Ce recours à la détention préventive est généralement dû à des lois restrictives et mal appliquées, un système judiciaire très lent ou encore la corruption rampante, « la détention préventive étant un excellent moyen d’extorquer de l’argent », selon Mme Tomasini-Joshi. Il a pour conséquence d’aggraver la surpopulation des prisons, avec un taux d’occupation pouvant aller jusqu’à 600 pour cent.

Dans des prisons surpeuplées et mal ventilées, la tuberculose se propage très vite, avec des taux de prévalence dans certaines prisons allant jusqu’à 100 fois les taux pour la population générale, a noté Paula Akugisibwe, chargée du VIH   et de la tuberculose pour l’organisation AIDS and rights Alliance en Afrique du Sud.

Face à cette crise humanitaire, « la communauté internationale est silencieuse », a regretté M. Wolfe.

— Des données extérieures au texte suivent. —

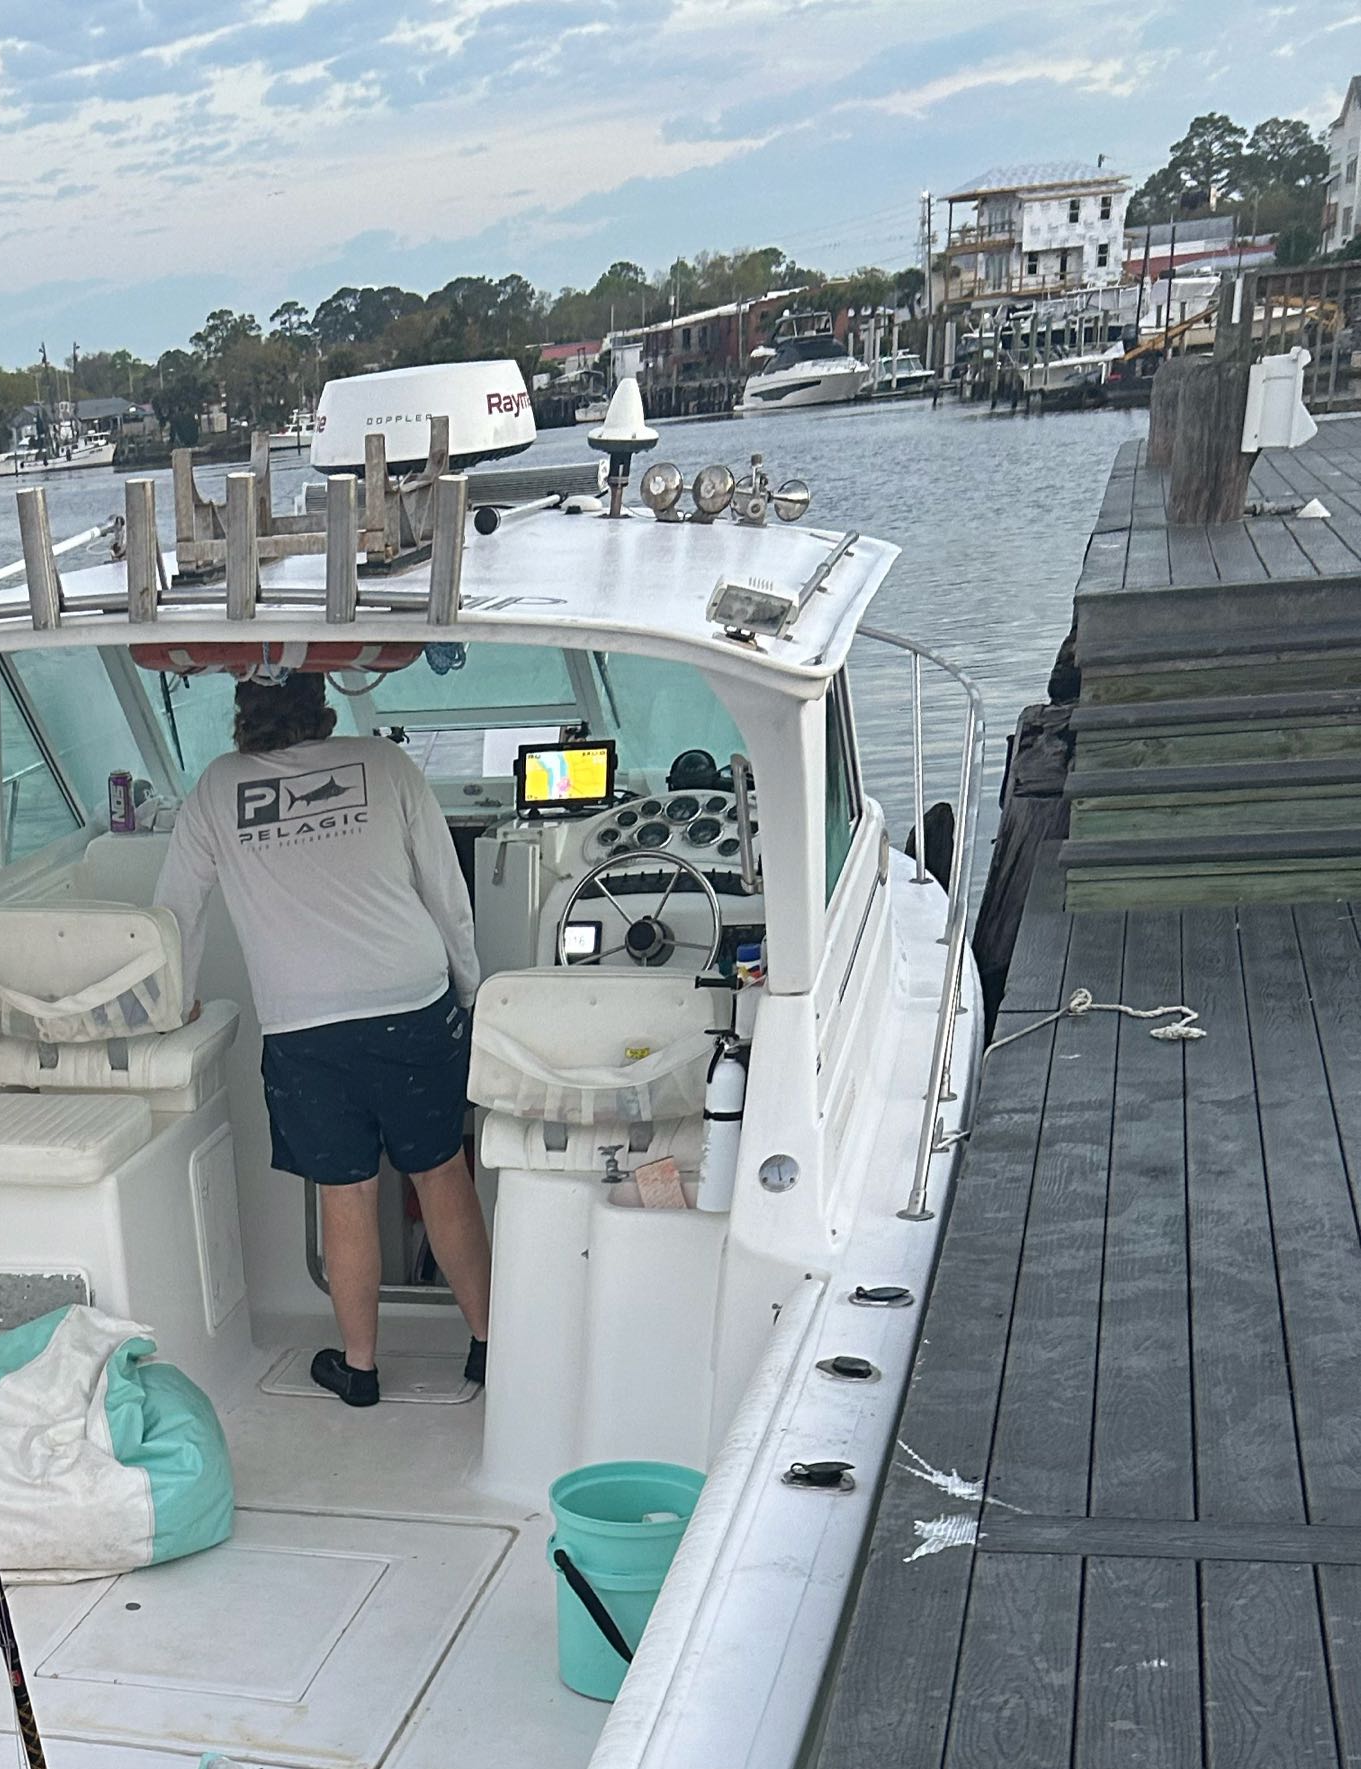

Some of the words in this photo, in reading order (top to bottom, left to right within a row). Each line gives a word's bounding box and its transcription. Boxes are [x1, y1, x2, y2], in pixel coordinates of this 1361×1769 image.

[366, 413, 433, 426] DOPPLER
[111, 783, 126, 823] NOS
[238, 811, 368, 845] PELAGIC

Le rapport 2005 de l’Office des Nations Unies contre la drogue et le crime (UNODC) indique le nombre de personnes sous ARV   en Thaïlande, mais il devrait mentionner la « guerre contre la drogue », les arrestations massives de consommateurs de drogues et les « listes noires » établies par le gouvernement, a-t-il estimé.

Citant des activistes, M. Wolfe a estimé qu’« une bonne politique contre le sida   est une bonne politique contre la drogue », et plaidé pour « attirer l’attention de la communauté de lutte contre le sida   sur le problème de la drogue ».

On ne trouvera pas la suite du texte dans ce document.